Carrie: These sound like very powerful characters!
I think a lot of us don’t realize how prevalent human trafficking is, even in our own cities. What inspired you to write Not Yet Beautiful?
Grace: I was at a Writer’s Conference a few years ago sharing about how badly I wanted to write a novel and how I wanted it to be about something compelling when I got to talking with a faculty member. She brought up the topic of human trafficking. Inspired, I started my research when I returned home and it wasn’t long before I grew infuriated with the heinousness of the crime as well as the fact that it happens under our noses. So, I chose to write about it, looking at the group of people forced into the trade and held by debt bondage. However, I wanted the story to be hopeful and to focus on the aftermath of the experience, looking at the recovery process from trauma. I wanted to attempt to humanize the choices – good, bad or otherwise – people (in this case my characters) make in trying to confront or overcome painful pasts, while still highlighting the God factor, the work He does in us when we ask.

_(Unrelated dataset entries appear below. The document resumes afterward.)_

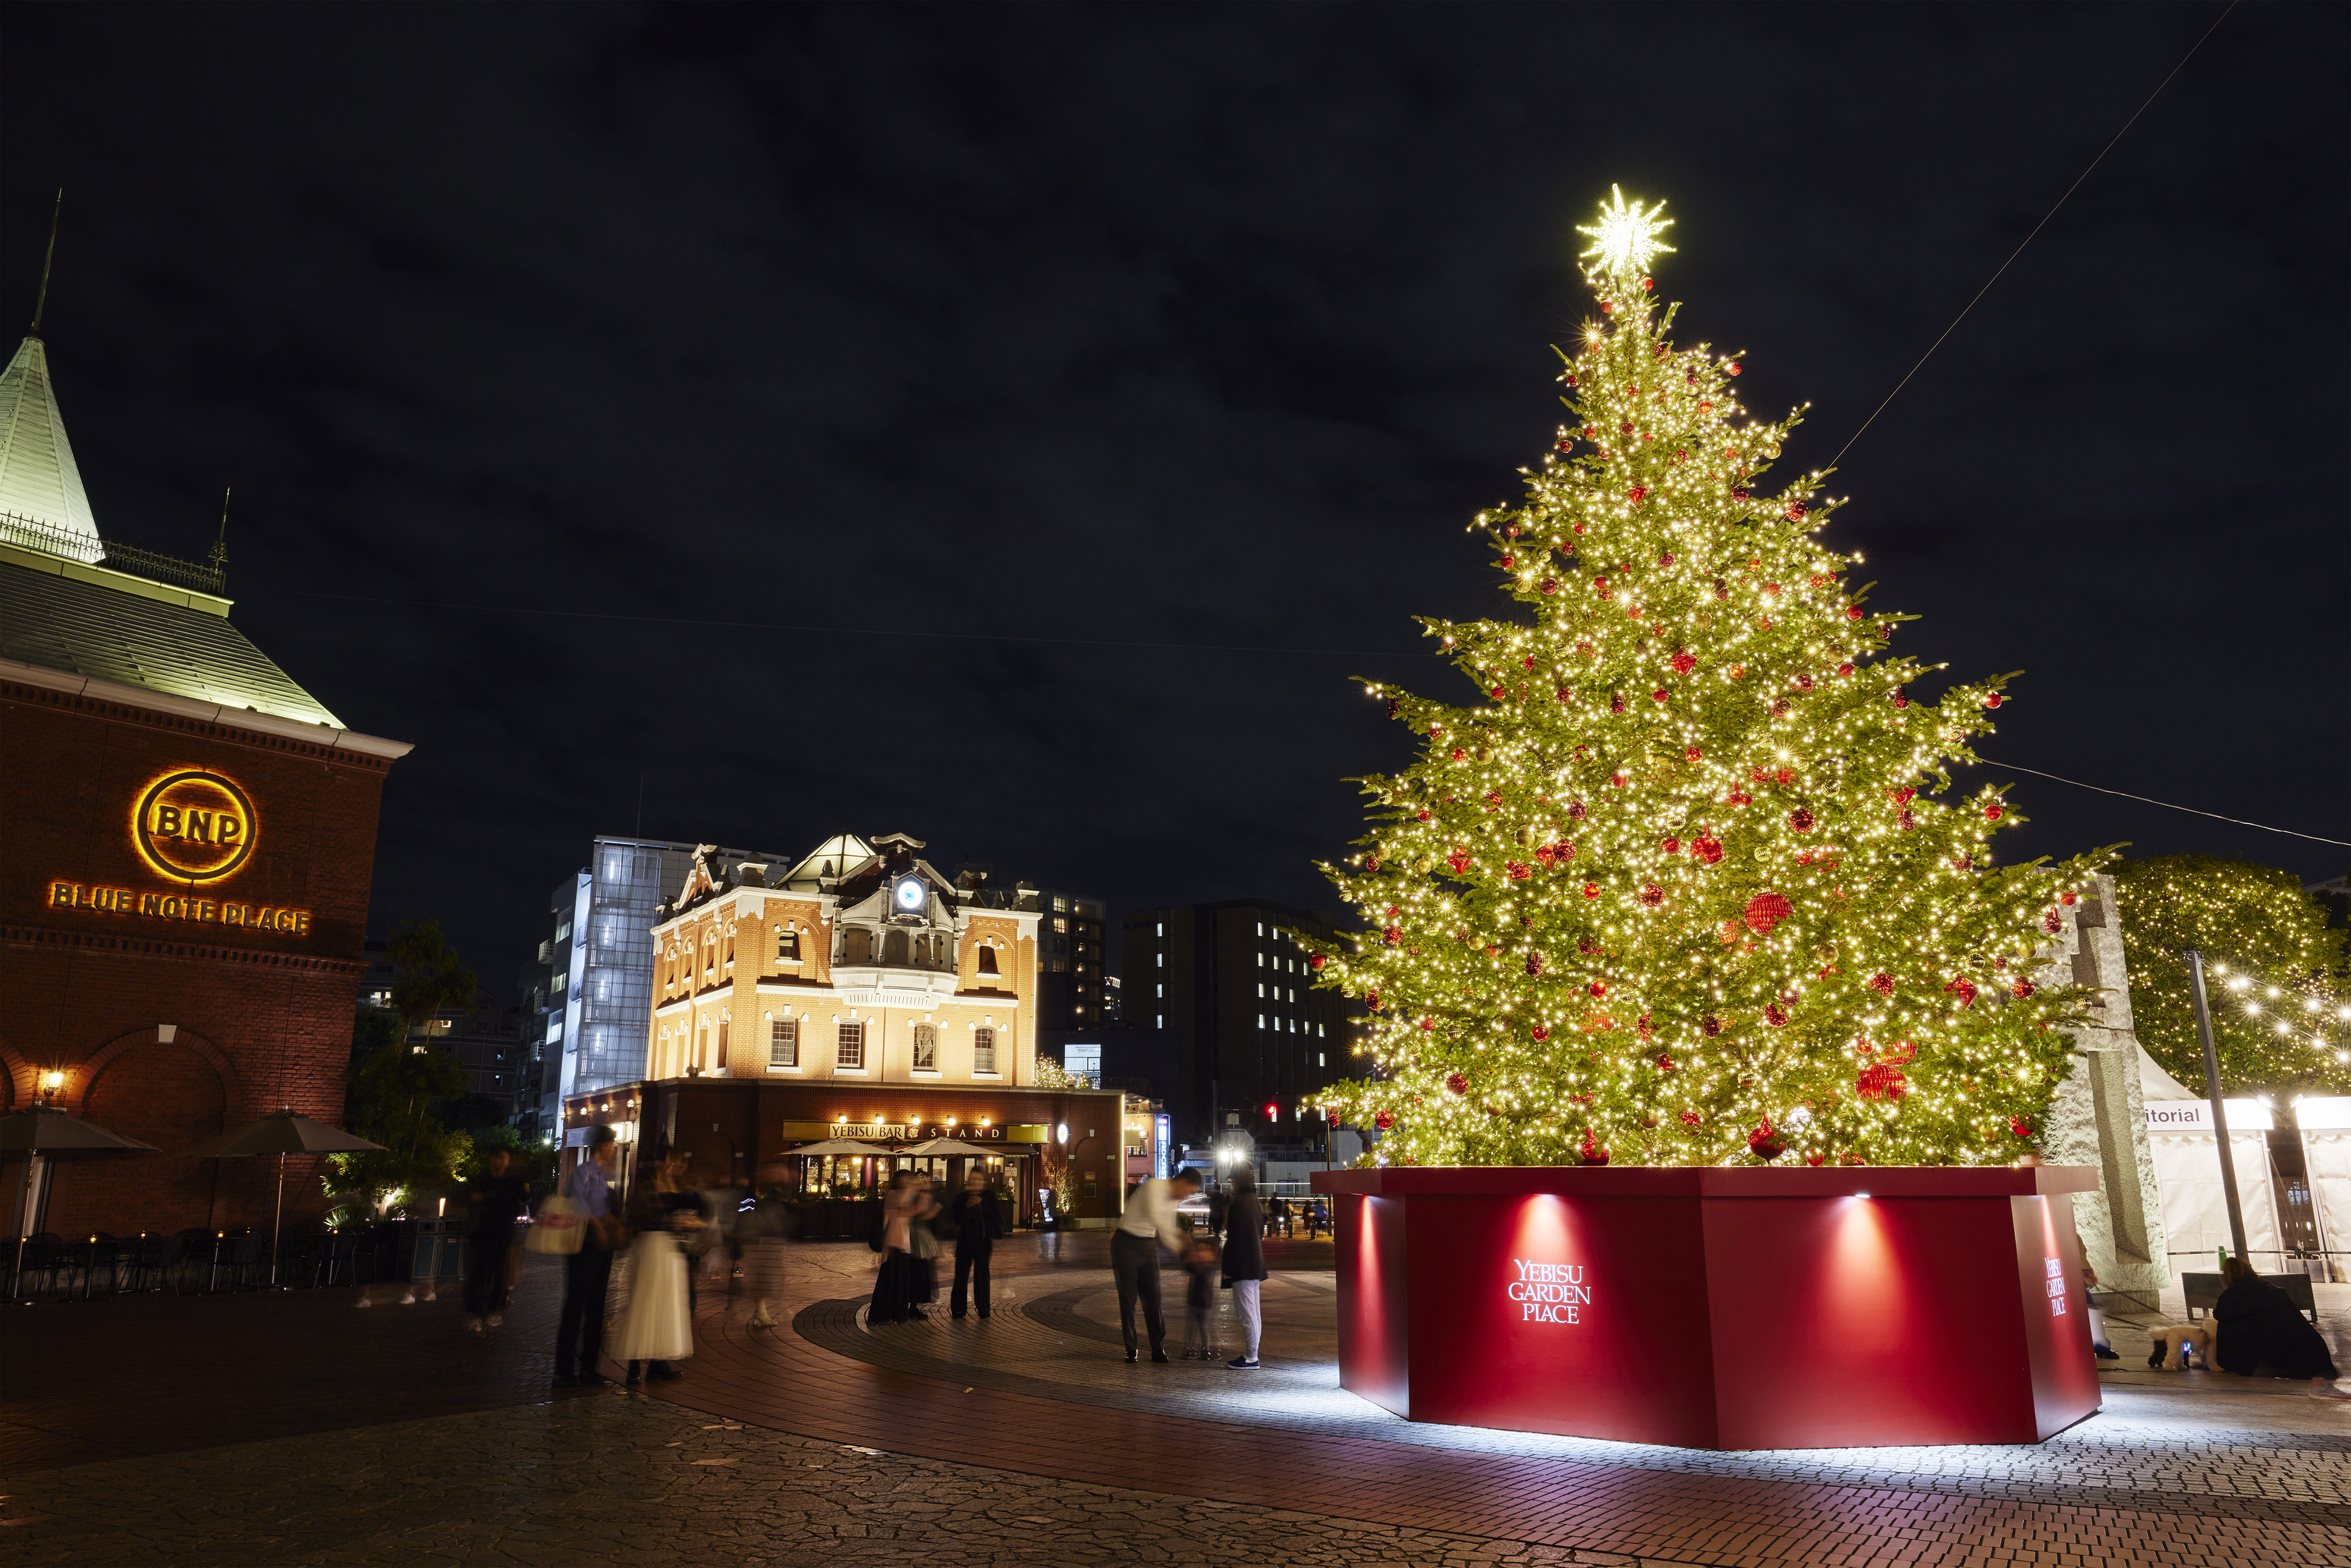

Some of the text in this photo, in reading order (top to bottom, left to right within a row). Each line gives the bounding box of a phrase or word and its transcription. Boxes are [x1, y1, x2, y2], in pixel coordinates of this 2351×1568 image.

[156, 806, 240, 843] BNP
[53, 883, 311, 934] BLUE NOTE PLACE
[832, 1126, 1000, 1138] YEBISU BAR STAND
[1513, 1258, 1583, 1284] YEBISU
[2044, 1256, 2061, 1278] YEBISU
[1507, 1282, 1592, 1305] GARDEN
[2046, 1277, 2066, 1298] GARDEN
[1522, 1302, 1579, 1324] PLACE
[2051, 1296, 2066, 1317] PLACE

Carrie: The process of recovery is so inspiring, from the accounts I’ve read. And God is THE ultimate Rescuer, isn’t He?
What do you most want readers to take away from Not Yet Beautiful?
Grace: I tried to cover a lot of grounds – looking at trauma and recovering from trauma, how hardships affect what we believe in or think we believe, how they force us to look inward and examine ourselves. And where we end up when all is said and done, whether that be where we thought we would or not. And perchance if it is, if that be for reasons we ordinarily would have thought would lead us there. I tried to look at people as consummate, influenced by our own psychology, our social lives, our faith, our fears and hopes and mostly by our dreams. But still imperfect because none of us are.

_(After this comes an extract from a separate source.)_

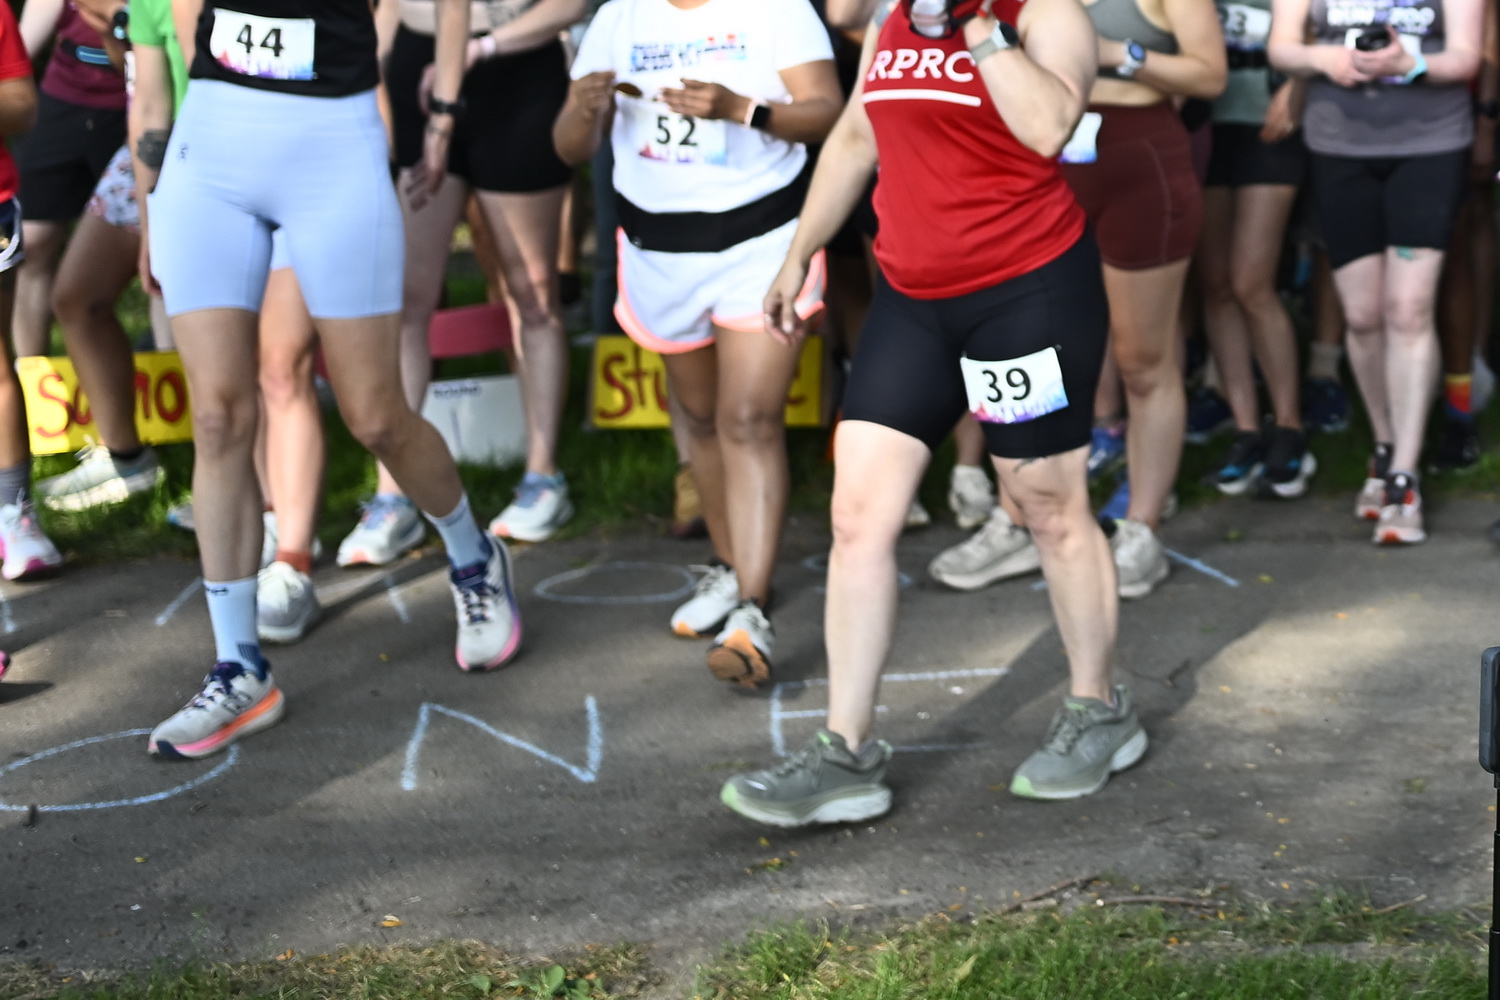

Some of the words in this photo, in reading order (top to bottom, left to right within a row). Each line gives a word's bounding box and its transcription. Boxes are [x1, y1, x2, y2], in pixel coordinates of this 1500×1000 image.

[236, 23, 285, 58] 44
[867, 47, 977, 83] RPRC
[656, 115, 698, 146] 52
[981, 367, 1032, 404] 39

I’m really glad you asked this question as it gives me a chance to reflect. I hope everyone takes something from the book about the power of hope and love, something that makes their lives a little richer.

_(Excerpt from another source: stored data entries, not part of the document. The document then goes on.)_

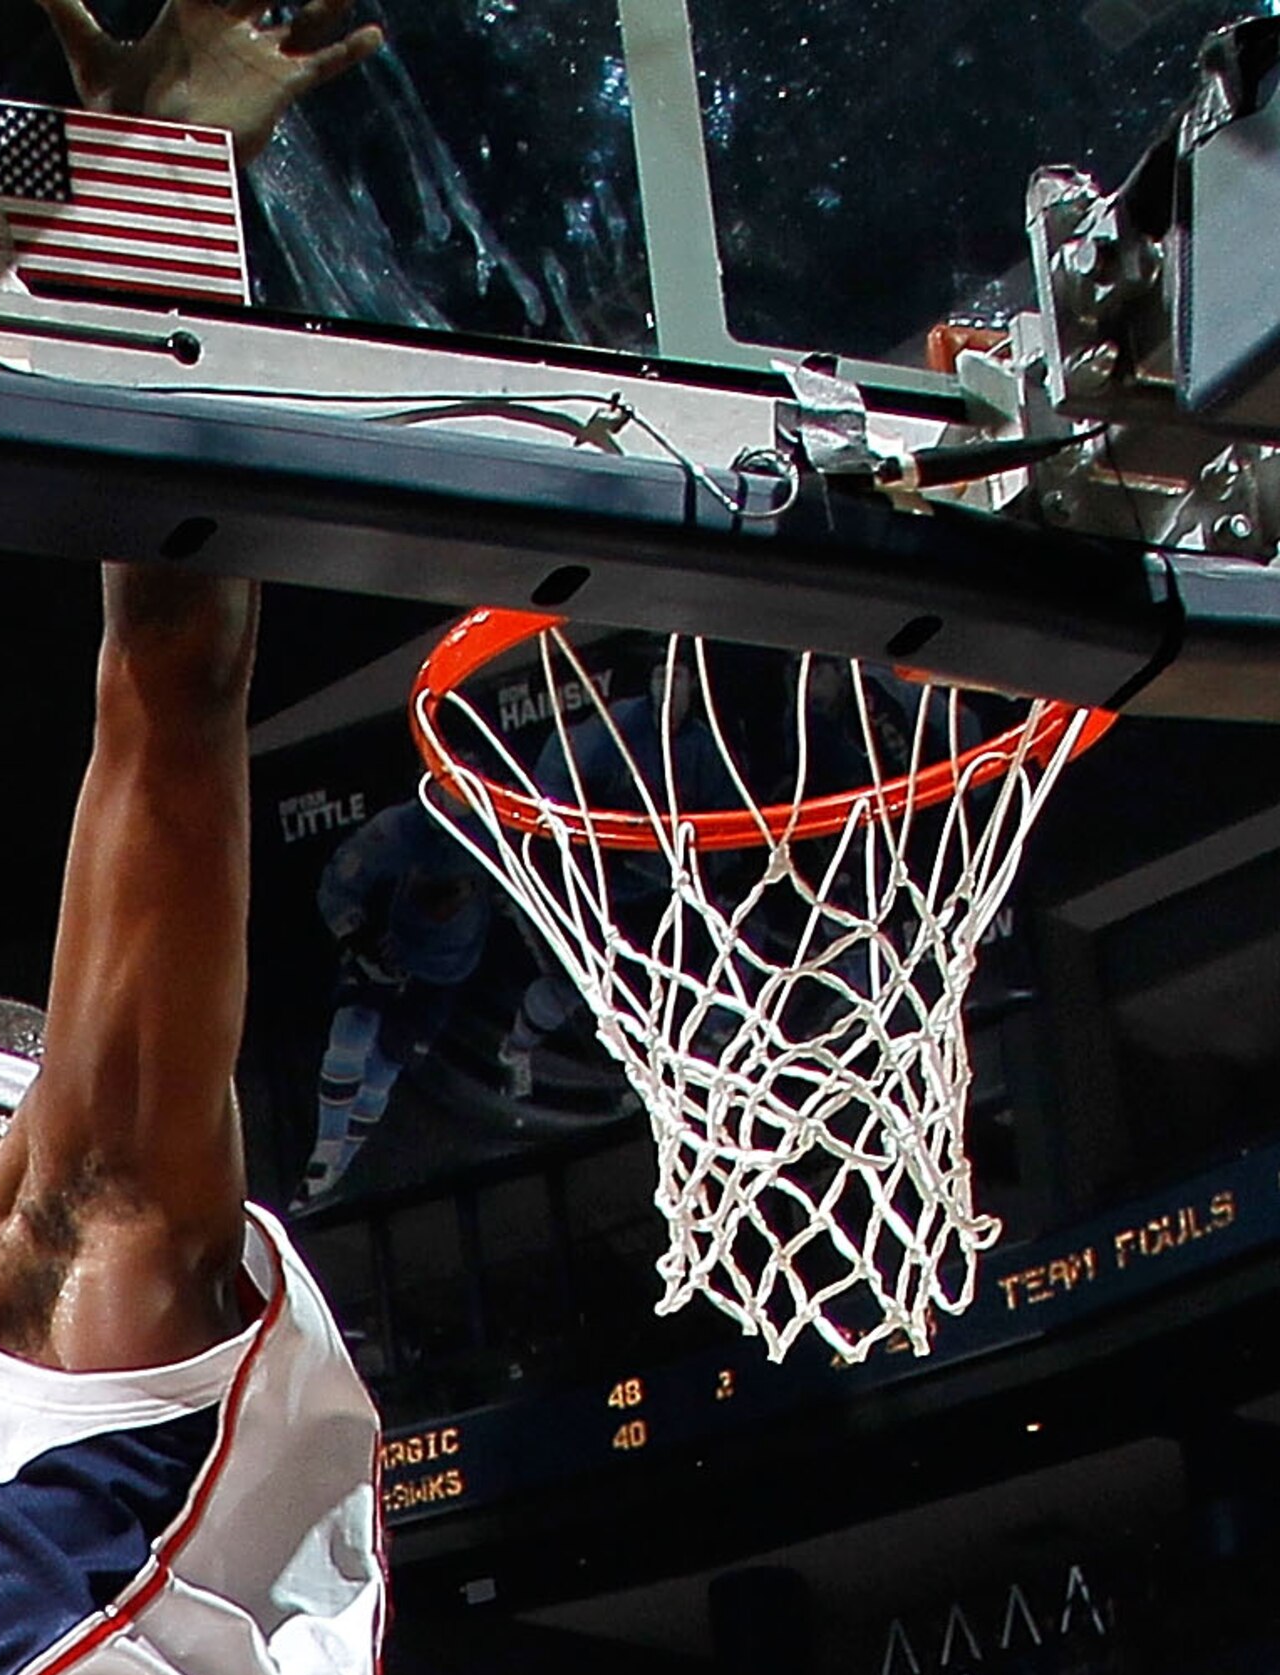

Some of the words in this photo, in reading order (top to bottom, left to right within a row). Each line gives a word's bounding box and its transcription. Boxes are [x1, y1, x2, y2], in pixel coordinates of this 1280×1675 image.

[280, 791, 367, 844] LITTLE
[998, 1247, 1098, 1310] TEAM
[1114, 1190, 1234, 1269] FOULS
[607, 1378, 642, 1409] 48
[613, 1420, 646, 1450] 40

Again thank you so much for taking time to talk with me! 🙂 Before we say goodbye for today, tell us what‘s coming up next for you.
Grace: I have a lot of things in the works, though they are all mostly in my head at this point. The first order of the day is the sequel to Not Yet Beautiful – spotlighting Deja’s story a little more and continuing Jaisen and Lola’s journey.
What about you? Which of the three main characters in Not Yet Beautiful most intrigues you?